Fuente: Easy Solutions
- Los ataques que resultan en apropiación de cuentas (ATO) son, y seguirán siendo, los favoritos de los hackers.
- La responsabilidad de la protección contra el fraude no le pertenece al usuario; le pertenece a las organizaciones que manipulan la información del usuario.
Easy Solutions, alerta sobre las tecnologías que deberán desarrollar e implementar las organizaciones en términos de seguridad informática en 2018 para evitar pérdidas millonarias y crisis de reputación e imagen.
De acuerdo a Javelin Strategy and Research entre 2013 y 2016, hubo un incremento de 16% en víctimas de fraude cibernético sólo en EE.UU., afectando a 15 millones de víctimas según su reporte más reciente. Estas víctimas son de todas las formas y tamaños, desde individuos a enormes compañías.
Uno de los fraudes más destacados de 2017, la Brecha de datos de Equifax, en la que los datos sensibles de millones de usuarios fueron expuestos, creó una inmensa cantidad de potenciales víctimas para la apropiación de cuentas. Y otras grandes empresas como Gmail, Uber y Deloitte enfrentaron repercusiones similares después de ataques lanzados contra ellos en 2017.
Lo llamativo de estos fraudes es que de acuerdo a un estudio conducido por IDAgent, el 63% de todas las brechas de datos ocurrieron debido a contraseñas débiles o credenciales de acceso robadas en esquemas de ingeniería social o malware financiero. En el caso de Deloitte, por ejemplo, las cuentas de usuario estaban protegidas por un solo factor: nombre de usuario y contraseña. Sin un segundo factor de autenticación, los usuarios quedaron muy vulnerables ante el compromiso de sus credenciales de ingreso. La brecha de datos de Uber ocurrió de forma similar: los hackers obtuvieron acceso a la información sensible usando únicamente las combinaciones de nombres de usuario y contraseñas robadas.
De acuerdo con Yaimarú García, experto anti fraude de Easy Solutions, “las instituciones deben implementar una solución multifactorial de autenticación fuerte que brinde mecanismos adicionales de autenticación en caso de transacciones sensibles o de alto riesgo, garantizando la seguridad de cada movimiento en un canal transaccional”. Al tiempo que destacó, “además, las instituciones deben establecer proactivamente sistemas automatizados de monitoreo basados en inteligencia artificial y tecnología de machine learning para así detener ataques antes de que puedan ser completados. El monitoreo de redes sociales, campañas de phishing, aplicaciones falsas y malware, complementado con una ágil estrategia de desactivación, puede incluso ayudar a prevenir el lanzamiento de un ataque”.

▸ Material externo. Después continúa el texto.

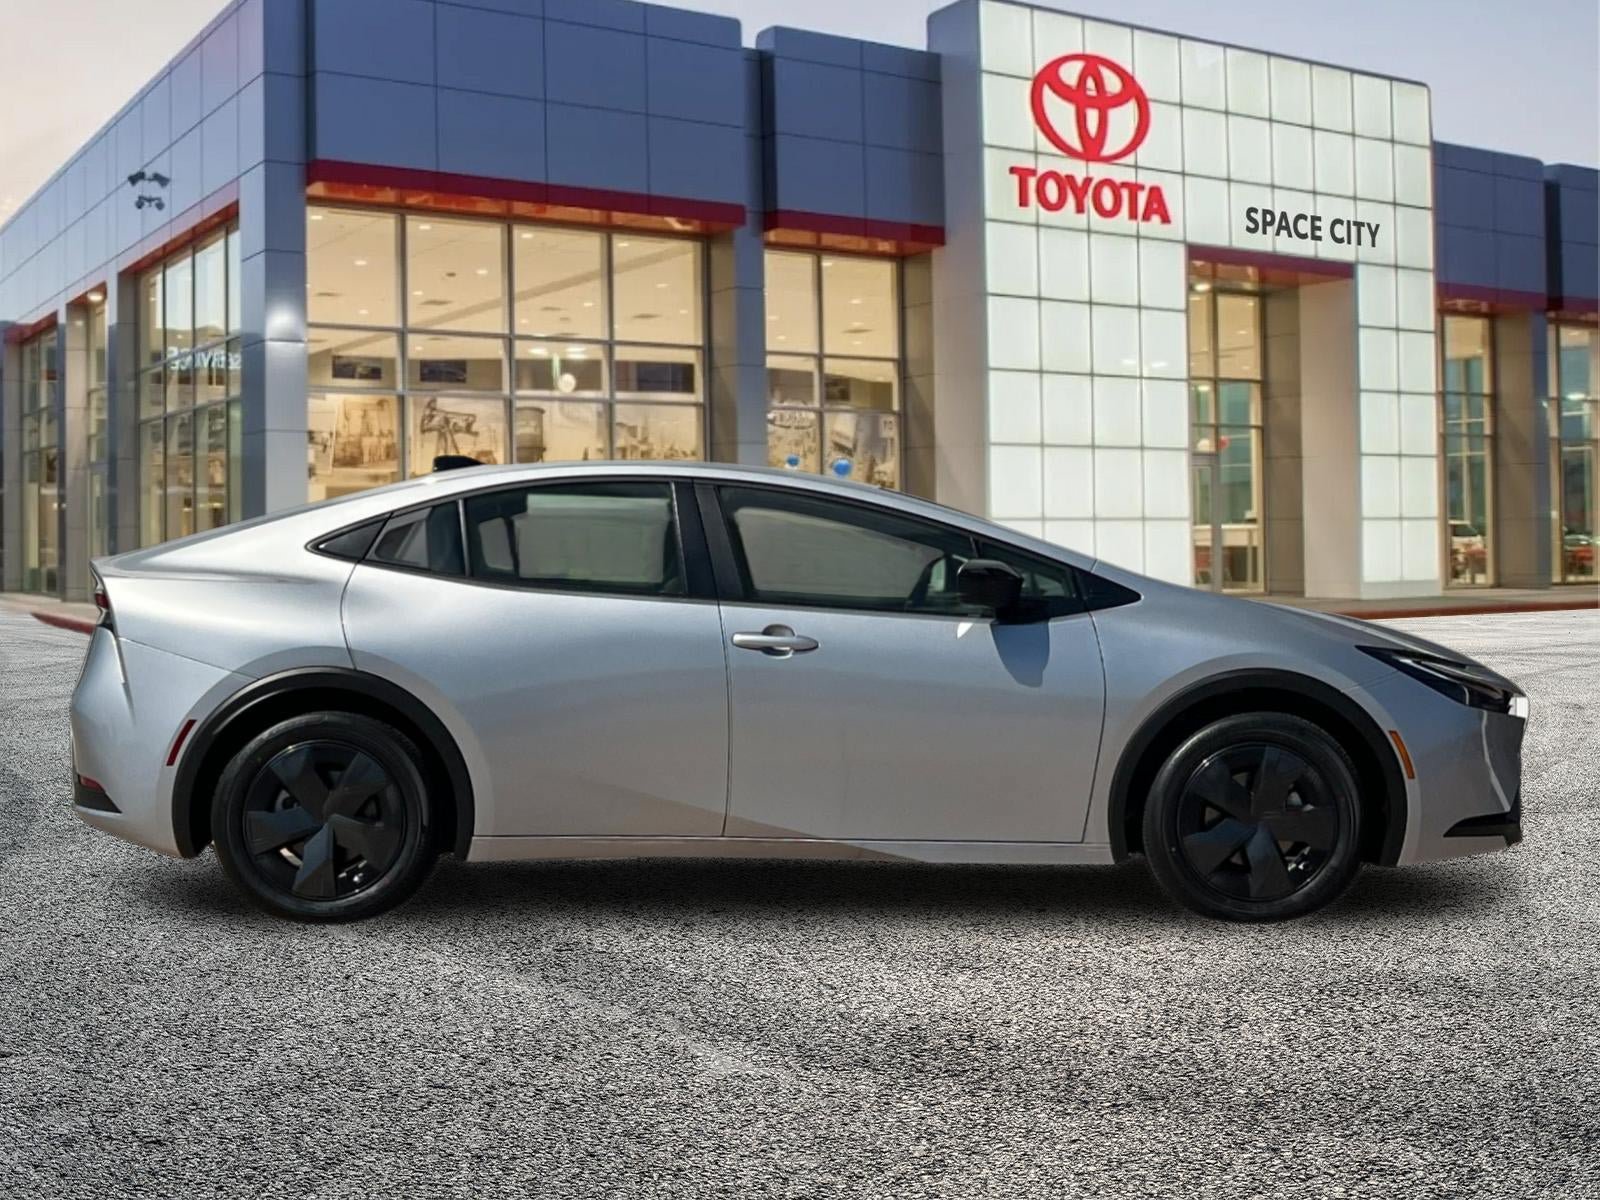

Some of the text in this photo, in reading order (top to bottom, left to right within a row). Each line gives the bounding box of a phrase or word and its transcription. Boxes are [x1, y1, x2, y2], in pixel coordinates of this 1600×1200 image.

[1009, 166, 1171, 225] TOYOTA
[1245, 207, 1380, 248] SPACE CITY
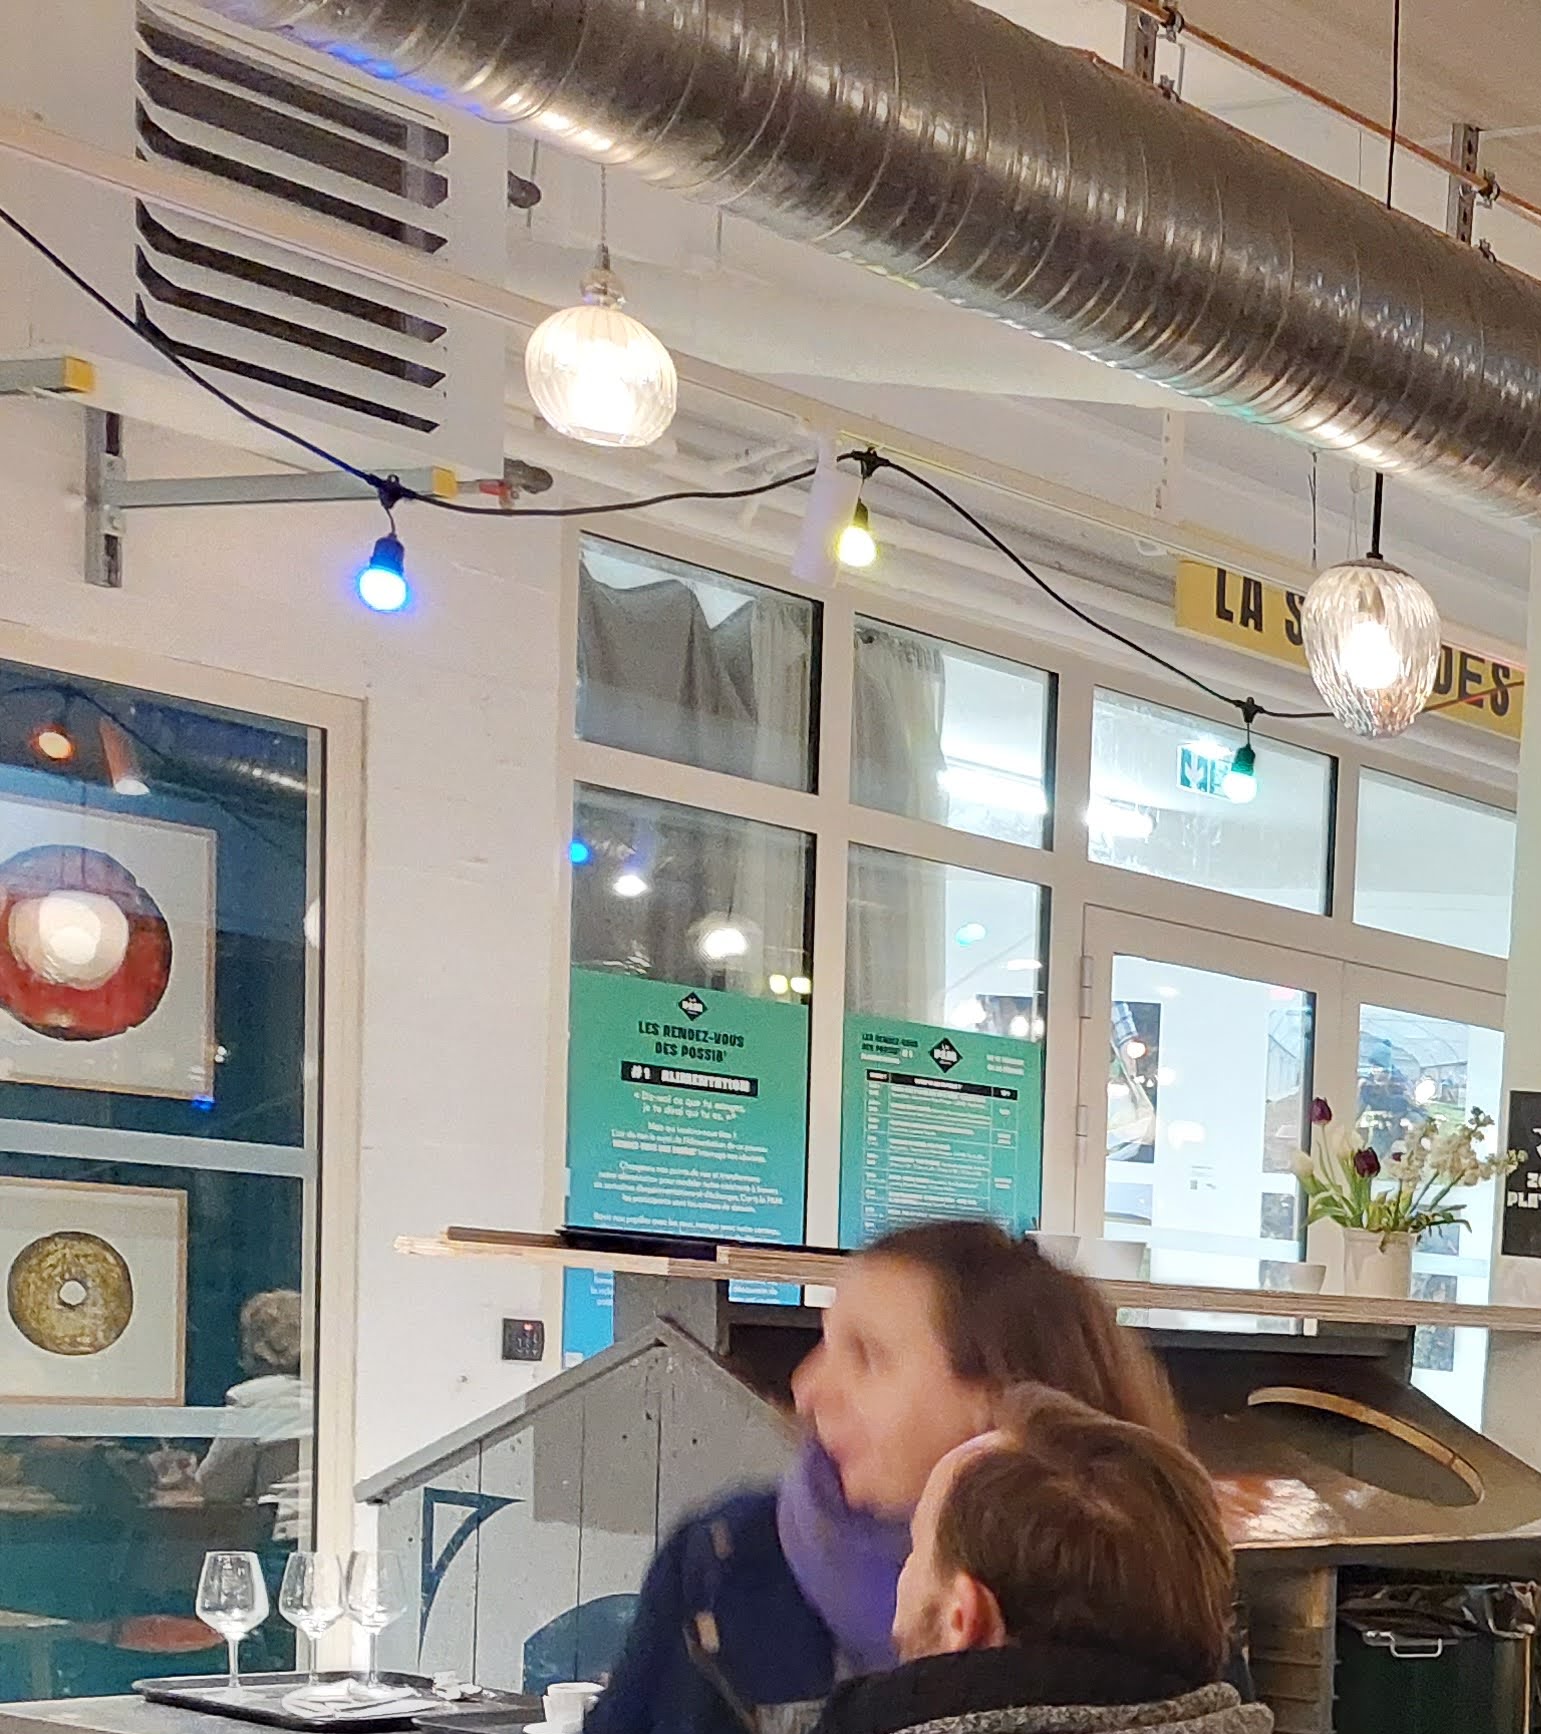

De acuerdo a los expertos de Easy Solutions, los ataques que resultan en apropiación de cuentas (ATO) son, y seguirán siendo, los favoritos de los hackers en cuanto los usuarios finales continúen siendo vulnerables a la ingeniería social y a la reutilización de contraseñas. “Esta es la razón por la que la responsabilidad de la protección contra el fraude no le pertenece al usuario; le pertenece a las organizaciones que manipulan la información del usuario. Las instituciones deben utilizar soluciones que monitoreen ataques proactivamente y que sean capaces de desactivarlas inmediatamente al ser detectadas, sin interferir con la experiencia del usuario claro está. Por otro lado, al implementar todas estas estrategias, las organizaciones no solo protegen a sus usuarios finales, también se protegen contra el daño financiero y de reputación causado por los ataques de fraude”, concluyó García.
La apropiación de cuentas (ATO) es el máximo objetivo de los fraudes cibernéticos, las cuales causan al menos entre $6.500 y $7.000 millones de dólares en pérdidas anuales por distintos medios en todo el mundo.
De acuerdo a investigaciones de Easy Solutions, para finales de 2020, las organizaciones que no aprovechen las técnicas de machine learning y de autenticación multifactorial avanzada serán incapaces de estar al tanto de las demandas del usuario final en la era digital. Y las organizaciones que no implementen las más recientes estrategias de protección contra fraude probablemente descubrirán que, en 2018 y los años siguientes, les costará mucho trabajo mantener su posición en el mercado y permanecer relevantes en su industria.
Un ataque de apropiación de cuentas promedio comienza identificando a las potenciales víctimas a través de redes sociales e ingeniería social. Se engaña a los usuarios para que descarguen archivos infectados o naveguen hacia sitios fraudulentos para poder instalar el malware. Con sus dispositivos infectados por el malware el usuario luego intenta iniciar sesión en el sitio transaccional de su banco y el malware ya instalado recolecta las credenciales de ingreso del usuario y las transmite a los cibercriminales. Finalmente los cibercriminales usan las credenciales para robar fondos, información o simplemente para venderlas en mercados negros.